This is James Taylor with Theatre Talk.
"Is there any cause in nature that makes these hard hearts?"
This line from Act III of Shakespeare's King Lear best sums up 2007 from the perspective of a theatergoer.
The first reason Lear's lament about the cruelty of life continues to ring in my ears is simple: this was a rough theater season. Broadway—and audiences—suffered from the strike that canceled weeks of shows in November. Here in Southern California, there was also a shortage of plays—not because of a strike, but because of the renovation of a major theater, some skimpy programming, and in one instance, the last-minute scuttling of a major LA premiere.
Sarah Jones' one-woman show, titled Bridge and Tunnel, a hit both on Broadway and off, was to play a month-long engagement at the Brentwood Theatre—and its cancellation is an ominous sign that Los Angeles is slipping as a commercial theater town.
This can also be seen in the quality of shows that originated here in Los Angeles and are now going to New York.
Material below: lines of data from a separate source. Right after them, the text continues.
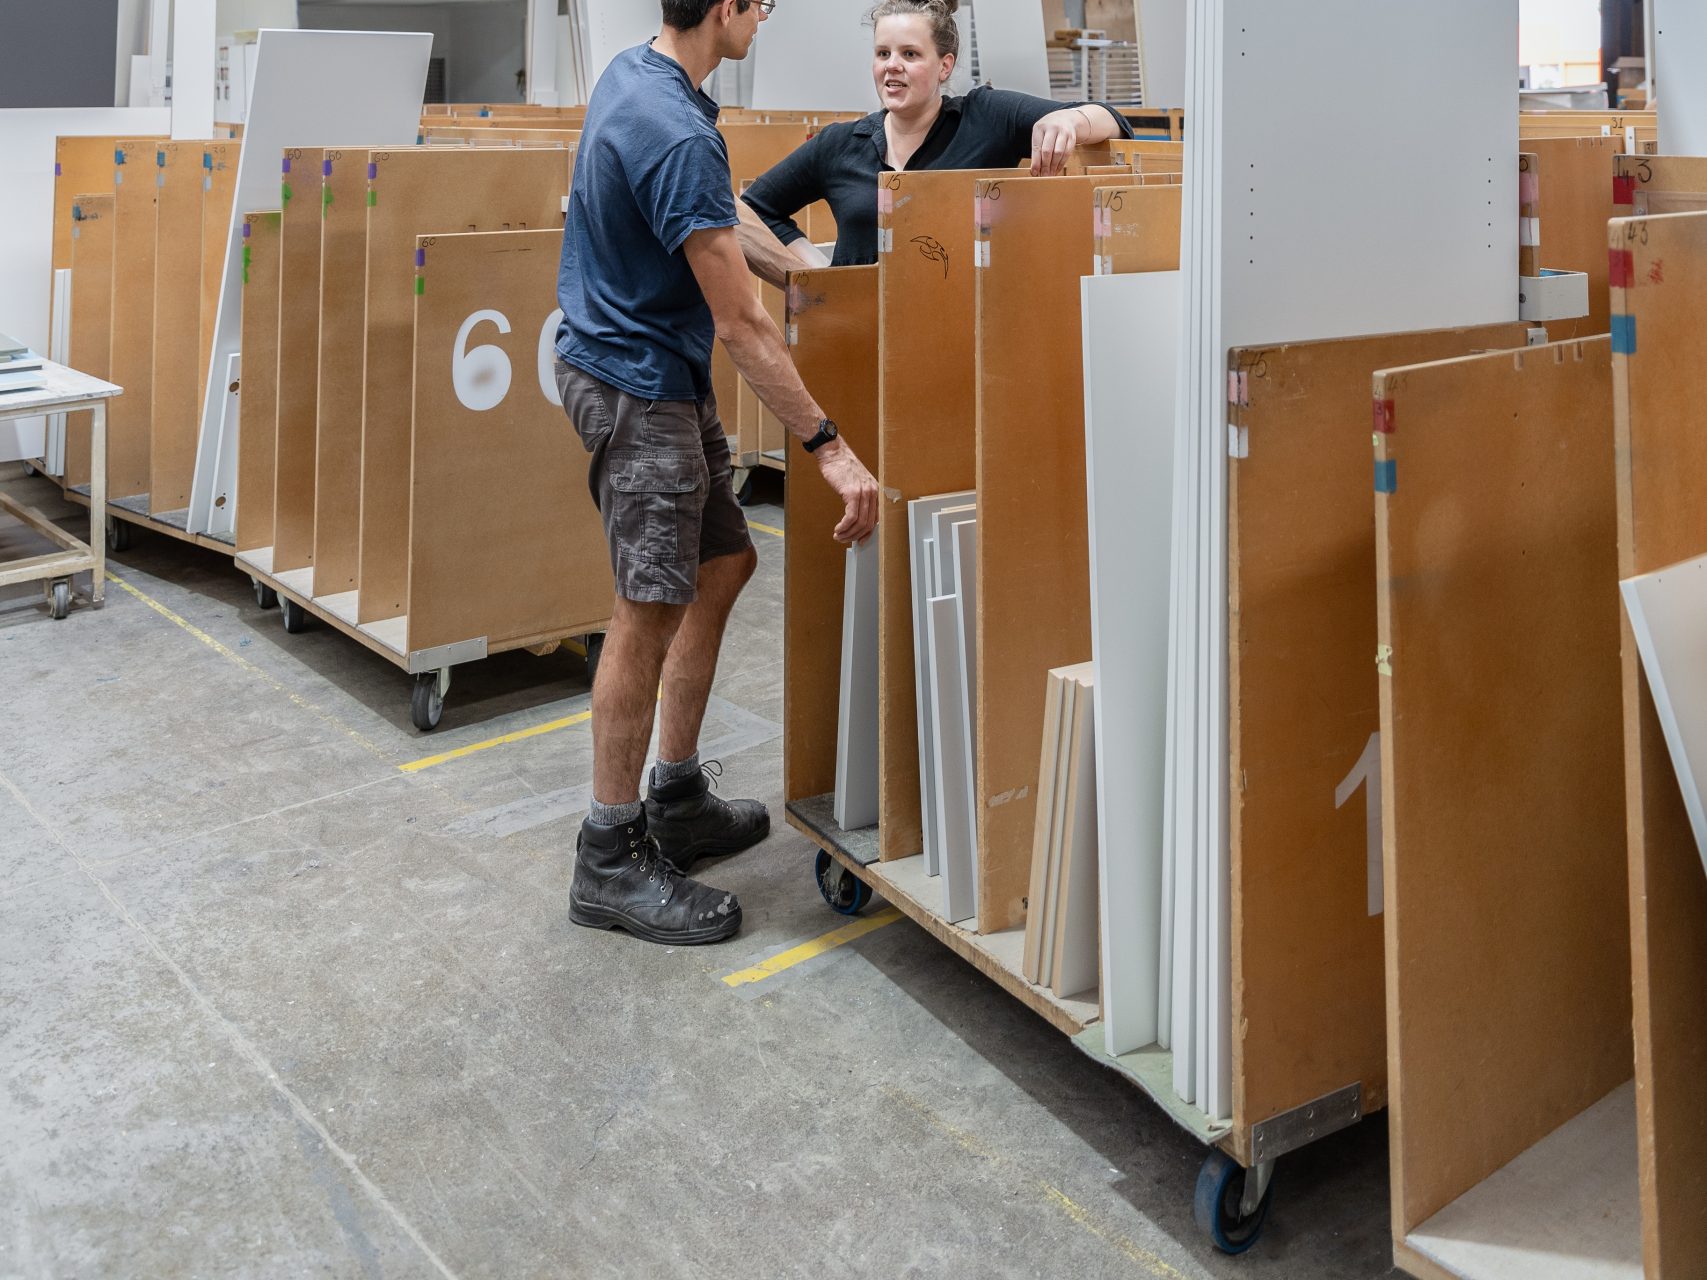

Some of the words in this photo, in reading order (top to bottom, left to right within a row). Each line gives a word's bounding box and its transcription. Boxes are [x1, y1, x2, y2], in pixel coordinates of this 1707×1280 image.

[287, 149, 302, 160] 60
[328, 151, 342, 161] 60
[885, 174, 906, 191] 15
[984, 181, 1004, 200] 15
[1105, 190, 1128, 212] 15
[421, 236, 436, 248] 60
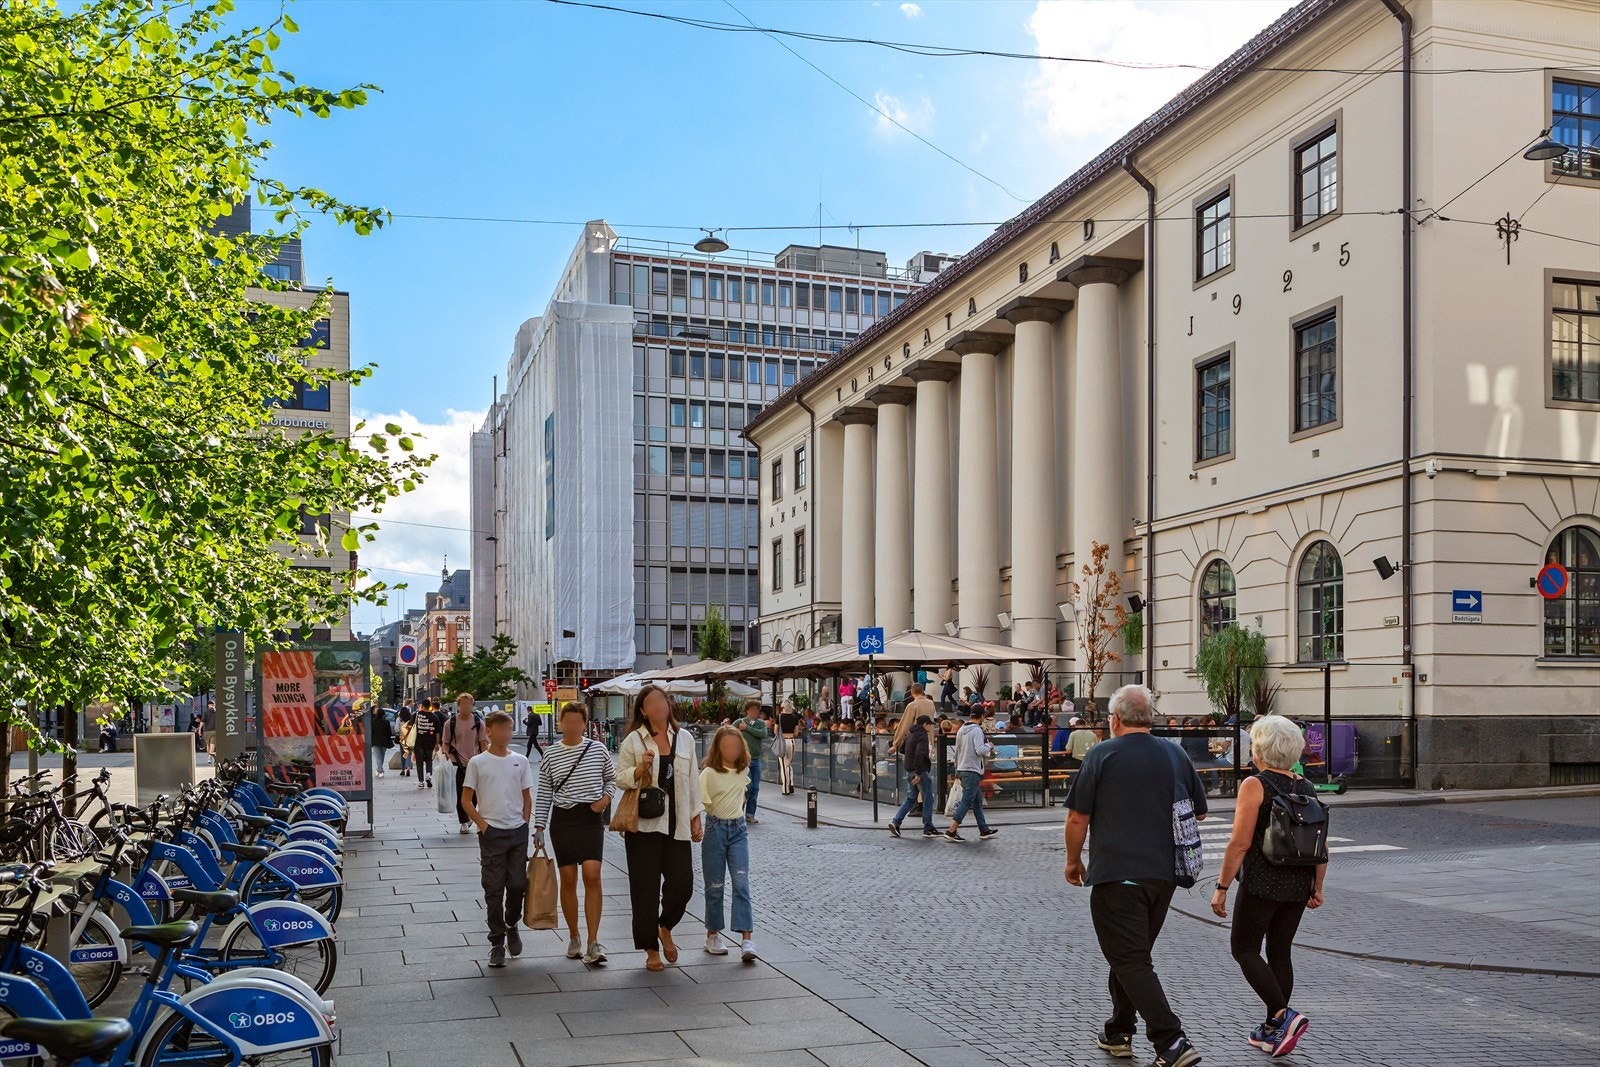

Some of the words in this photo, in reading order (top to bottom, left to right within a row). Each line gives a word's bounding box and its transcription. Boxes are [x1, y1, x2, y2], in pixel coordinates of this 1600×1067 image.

[835, 297, 977, 402] TORGGATA
[1019, 218, 1095, 283] BAD
[401, 635, 415, 643] Sone
[225, 640, 238, 671] Oslo
[276, 683, 301, 693] MORE
[272, 693, 307, 704] MUNCH
[222, 676, 239, 736] Bysykkel
[301, 867, 324, 875] OBOS
[282, 920, 313, 930] OBOS
[90, 951, 113, 959] OBOS
[254, 1011, 295, 1026] OBOS
[0, 1042, 31, 1054] OBOS
Previous seasons saw works like The Drowsy Chaperone and Curtains leave Southern California and then go on to win Tony Awards back east. This year's two local productions headed to New York are the lukewarm revival of Come Back, Little Sheba from the Kirk Douglas Theatre and the Valley's long-running but decidedly fluffy, The Marvelous Wonderettes—two shows that will hardly raise LA's national profile.
Really, only one production—not counting the juggernaut Wicked, which seems to have been running for years at the Pantages—inspired LA audiences to race to the theater.
That production was, of course, the Royal Shakespeare Company's King Lear, the other reason that opening line is still ringing in my ears. Ian McKellen's reading of "Is there any cause in nature that makes these hard hearts?" was one of the high points of not just this year, but of the past few years.
What's interesting about that RSC production was the tepid reviews it received both in New York and here in Los Angeles. True, Trevor Nunn's production was long and had a few questionable choices; but most of it was really good—and major productions of King Lear are once-in-a-lifetime events. My suspicion is that as the years pass, recollections of the staging's minor problems will fade and it will be rightly remembered as the high point of LA's 2007 theater season.
Those looking ahead to the Shakespeare event of 2008, pay attention to the Macbeth starring Patrick Stewart. This production got even better reviews in the English press than King Lear and it comes to New York in February. No word on whether it, like Lear, will come to LA after its run in Brooklyn, but for those who can't wait—or who've learned that high profile Shakespeare seats are a better investment than Google stock—tickets go on sale this Wednesday.
Other local productions to look mark your calendar for in 2008:
Starting in late January, the U.S. premiere of Athol Fugard's new play at the Fountain Theatre in Hollywood.
In February, a hip-hop adaptation of Aeschylus at the La Jolla Playhouse titled, The Seven.
In March, at the Old Globe in San Diego: Dancing in the Dark another movie-to-musical adaptation by Douglas Carter Beane, the man behind the surprisingly good Broadway version of Xanadu.
In June, the World Premiere of a new Donald Margulies play at the Geffen Playhouse.
And in September, the renovated Mark Taper Forum re-opens with a new production of John Guare's House of Blue Leaves.
To these and all the shows in 2008: break a leg…and Happy New Year.
This is James Taylor with Theatre Talk for KCRW.